In the first three months of 1933 Mr Tucker and the IOMEB opened the tenders from contractors bidding to carry out the electrification programme and orders were given for the work to proceed. Mr Tucker says, with admirable coolness: "As yet the Board has no money to pay bills. So now my immediate task was to prepare a prospectus inviting the public to subscribe to the Board’s invitation to raise £60,000 at six per cent. This task was a bit outside my engineering training but with the help of Ramsey Bignal Moore, the IoM Attorney General, and Eric Watterson, Treasurer to the IoM Bank, we did it and the invitation was over-subscribed."
It was obvious to people with investment capital at their disposal that electricity was a good thing to be in.
Mr Tucker continues his story: "The Board’s initial target was to inaugurate a supply of electricity to Ramsey, Peel, Port Erin, Port St Mary, Castletown and Laxey by August 1933. This was a formidable task to achieve within seven months. However, helped by the whole-hearted cooperation of the IoM Steam Packet Company and the IoM Steam and Electric Railways, of whom special transport facilities were needed, and by the dedication of the contractors, our target was achieved.
"In all this I must mention that the whole of the unskilled labour on site was recruited in the Island.

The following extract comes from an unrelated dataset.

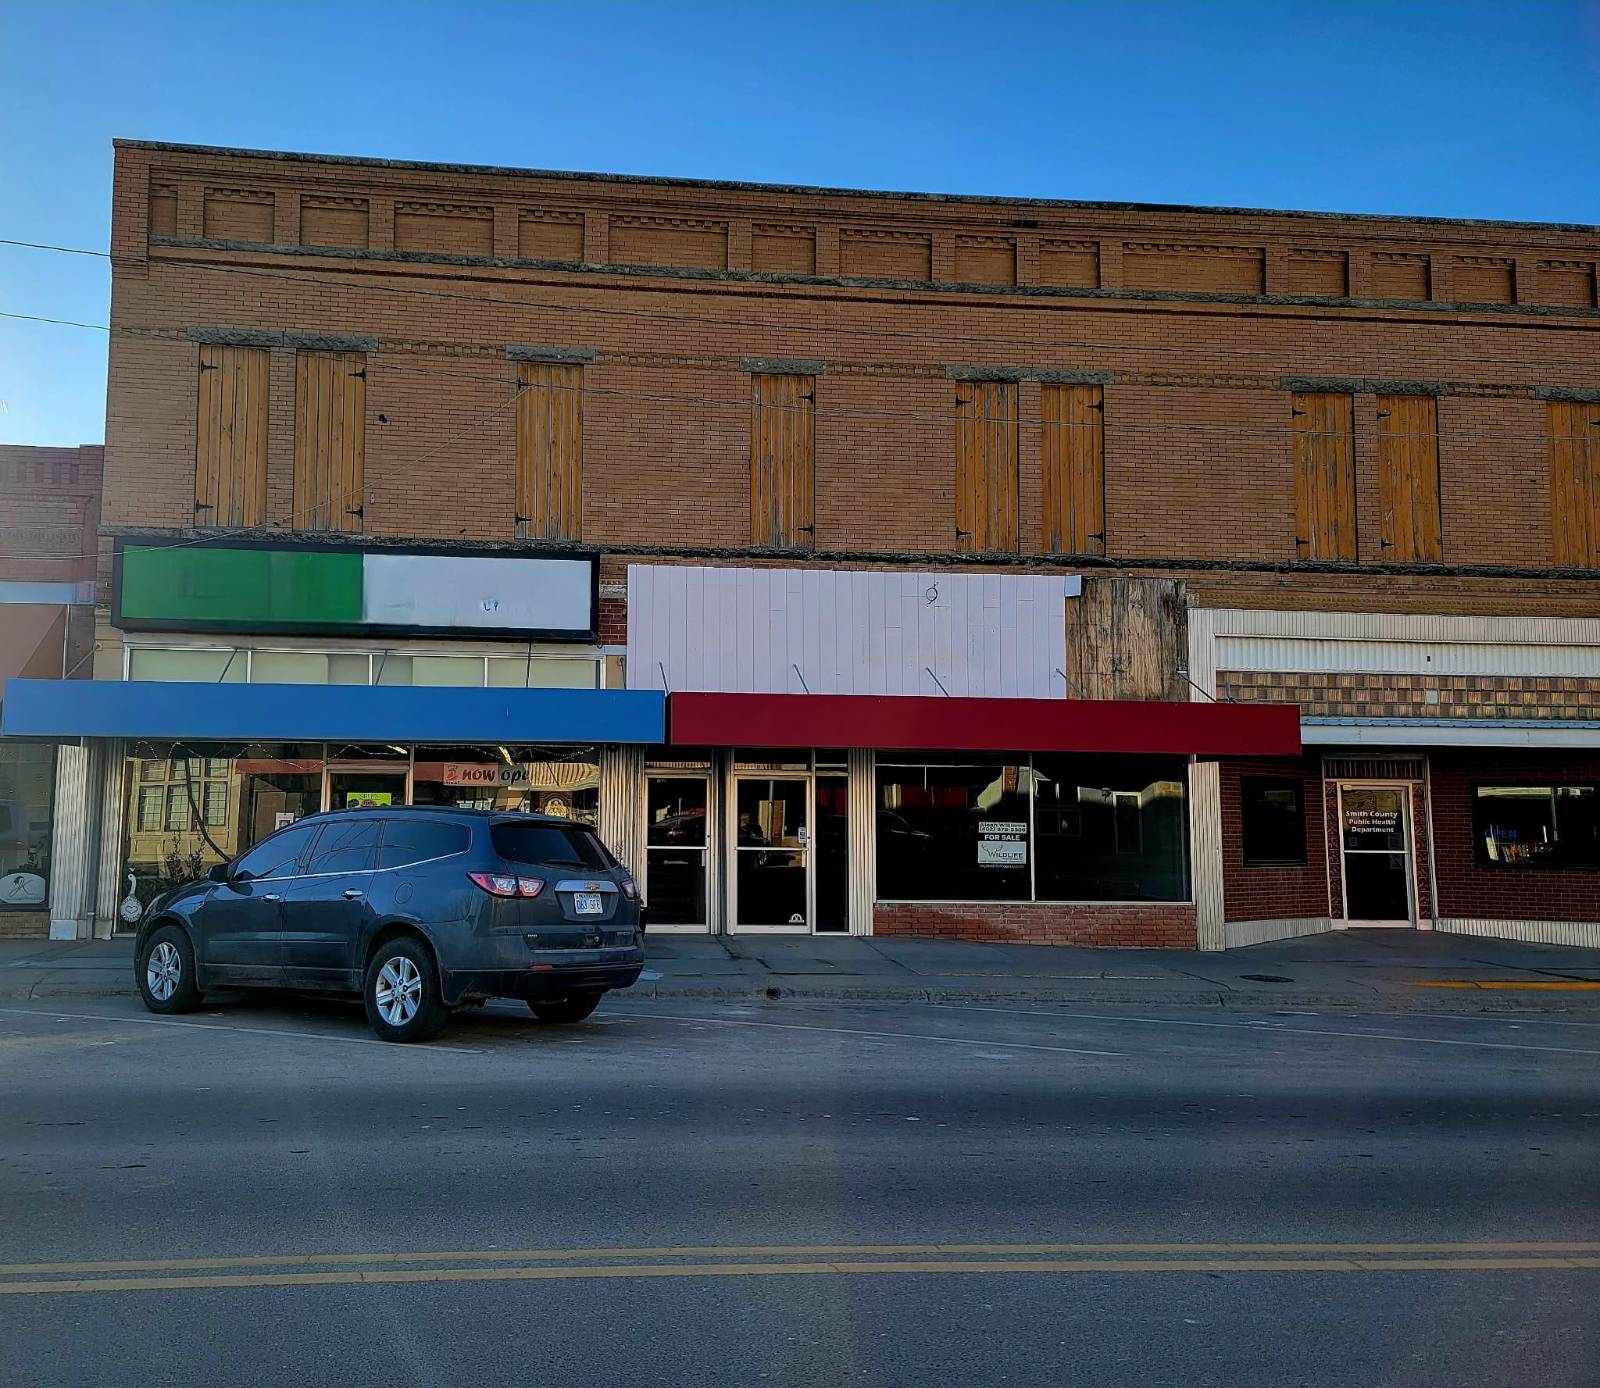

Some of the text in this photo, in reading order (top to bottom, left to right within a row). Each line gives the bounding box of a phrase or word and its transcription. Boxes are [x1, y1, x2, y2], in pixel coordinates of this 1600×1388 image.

So a tribute must be paid to the facility with which these men adapted themselves to work in which little or none had ever previously been carried our in the Island."
The switch-on of supply to the towns was inaugurated by the Governor, Sir Claude Hill. "That evening was a great event for many homes, shops and offices in the six towns where their light from candles, oil lamps and, in some cases, small private installations, were abandoned in favour of a public supply of electricity.
"At the time of inauguration it was hoped that it would ensure a supply to the inhabitants of the Island at the lowest rates possible, especially as the Board’s authority did not permit an accumulation of profit. The whole scheme was considered as a cooperative electricity scheme in which everyone in the Island should regard themselves as having a financial interest and an inducement to accept the convenience of that cheap electricity as and when it came within their reach. Development and the number of consumers continued to grow apace."
Mr Tucker’s hand-written testament makes no mention of amalgamation, perhaps because it was not really an issue when "by 1936 I considered that the Board’s main targets had been achieved and so in May 1936 I resigned my position to take the position of Borough Electrical Engineer and General Manager of the Borough of Loughborough’s Electricity Undertaking."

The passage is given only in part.